On 3 May 2013 18:56, Ertugrul Söylemez <[hidden email]> wrote:
Adrian May <[hidden email]> wrote:

> > Changes already made in the base library or in one of the platform
> > libraries:
>
> So could you pick the most unassailable and tell me more about it
> please?

I'll just pick a random example:  Eq and Show are no longer superclasses
of Num.  I'm the author of the Netwire library, a library for functional
reactive programming.  Before that change you would write the following
code to express a clock that runs twice as fast as the real time clock
and oscillates up and down while gradually increasing:

    liftA2 (\t o -> 2*t + sin o) time (integral_ 0 . v)

Thanks to the change you can now write it as: 

    2*time + sin (integral_ 0 . v)


I never doubted that people add new stuff for valid reasons. What I'm interested in is whether or not it could have been done without breaking anything. But having thought about it for a while, I'm tending to think that version controlling all the standard modules is the only general solution. 

You'd have them all in a git ... ahem ... darcs repo which every dev would clone the entire history of. Something prominent in the project would say which version you want. (We could brainstorm about hierarchies of that but it probably wouldn't work anyway.) GHC would just switch its internals according to that number and fetch the right version of the module out of darcs as part of the compilation process. 

If you really wanted to protect people from future changes, you'd make it obligatory to tell ghc which version you want, but seeing as I seem to be more worried about this than anybody else around here, I might as well assume you'd default to the latest, but please, at least issue a warning so that people know this offbeat system even exists.
)
I could have my project source in a completely different source control system cos this darcs interaction is internal to the compiler. 

This ain't gonna mean I don't have to maintain stuff, but having the choice about when to do so would be a great help. Better still, I could take a fifty year old codebase, build it out of the box, and nudge the version along one step at a time so I have some kind of chance, which would render my original post completely redundant. 

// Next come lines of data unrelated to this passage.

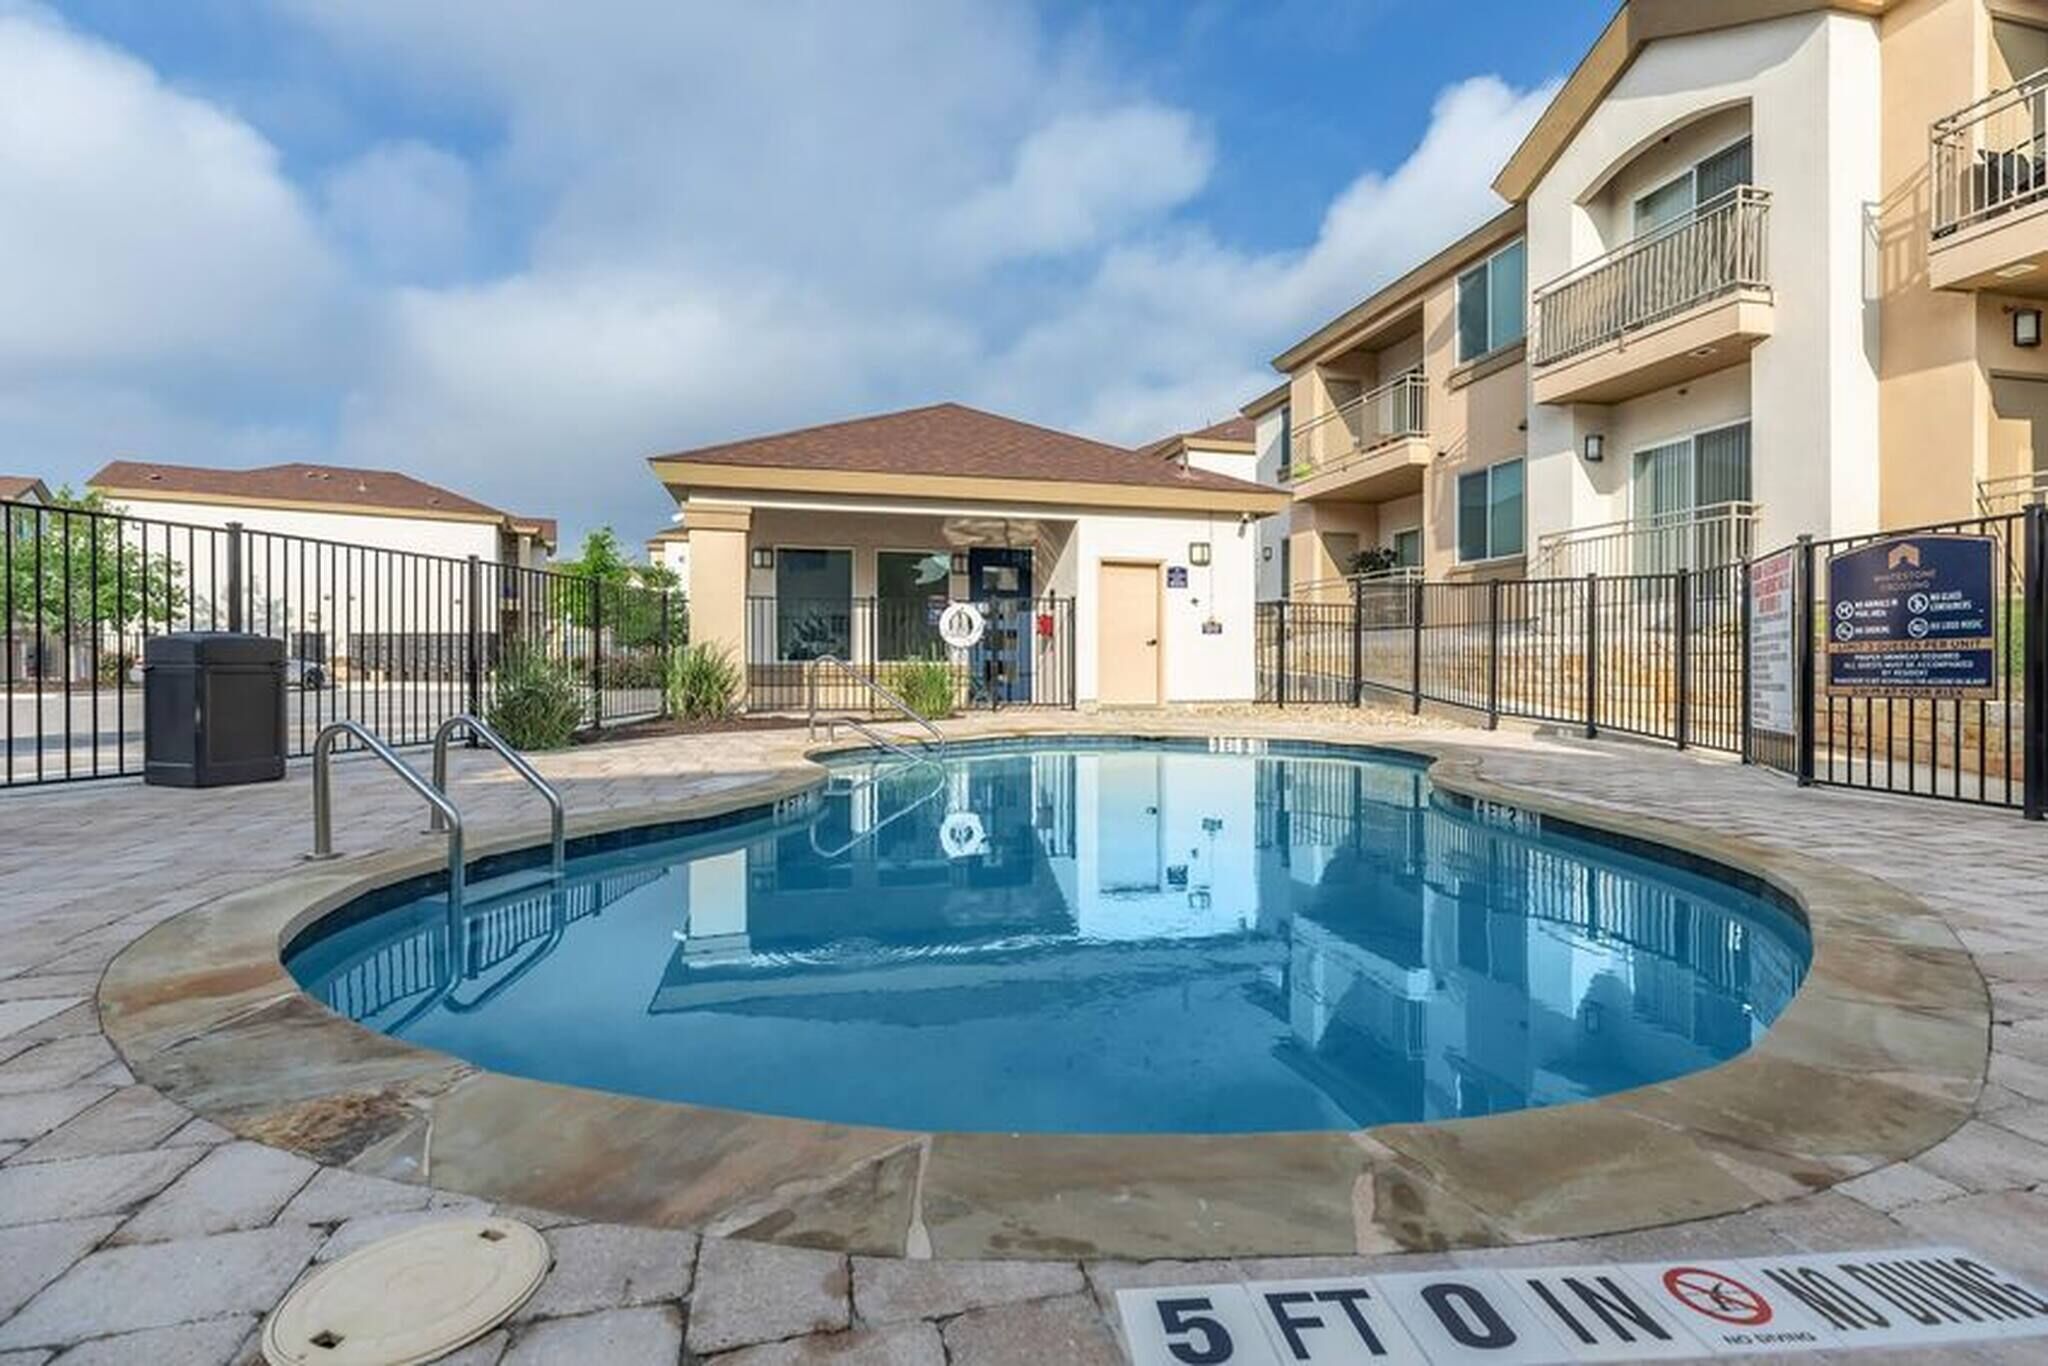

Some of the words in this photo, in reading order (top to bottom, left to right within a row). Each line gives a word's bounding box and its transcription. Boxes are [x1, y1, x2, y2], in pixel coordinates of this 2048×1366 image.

[1930, 592, 1940, 601] NO
[1951, 639, 1981, 649] UNIT
[1762, 1266, 1891, 1332] NO
[1838, 1257, 2048, 1326] DIVING
[1156, 1297, 1235, 1366] 5
[1264, 1288, 1388, 1360] FT
[1526, 1276, 1673, 1345] IN
[1723, 1334, 1753, 1347] NO
[1755, 1330, 1818, 1345] DIVING

But best of all, I'd no longer care which dev had which Haskell Platform version. They'd just get nagged into upgrading ghc whenever it saw a too racy module version. That would mean I could let them finish what they were doing on their own branch, check it into the old-style mainline and then tell them to merge it onto the new-style mainline, expecting a few puzzles along the way. For their next feature they'd branch off the new mainline and in a few weeks the old one would be history. (I'm not sure you've all figured out that those few weeks are necessary.)

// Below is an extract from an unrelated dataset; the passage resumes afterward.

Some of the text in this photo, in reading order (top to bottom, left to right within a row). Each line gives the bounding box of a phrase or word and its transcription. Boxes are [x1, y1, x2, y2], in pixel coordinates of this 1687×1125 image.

Seeing as you guys like theoretical rigour so much, maybe I should put it this way: if you show me a lump of text and call it source code for a program, I'll think you mean that it contains all the information I need to turn it into one. If it fails to specify which versions of which external libraries it assumes are hanging around somewhere, then it hardly meets that definition. Looking at it that way, compiler errors are not the worst thing that could happen: it might build an entirely different program. I've seen two huge projects hit the trash can because of build system vagueness, and that's what I learned out of it.

Just imagine never having to negotiate with the backward-compatibility whingers anymore!

Adrian.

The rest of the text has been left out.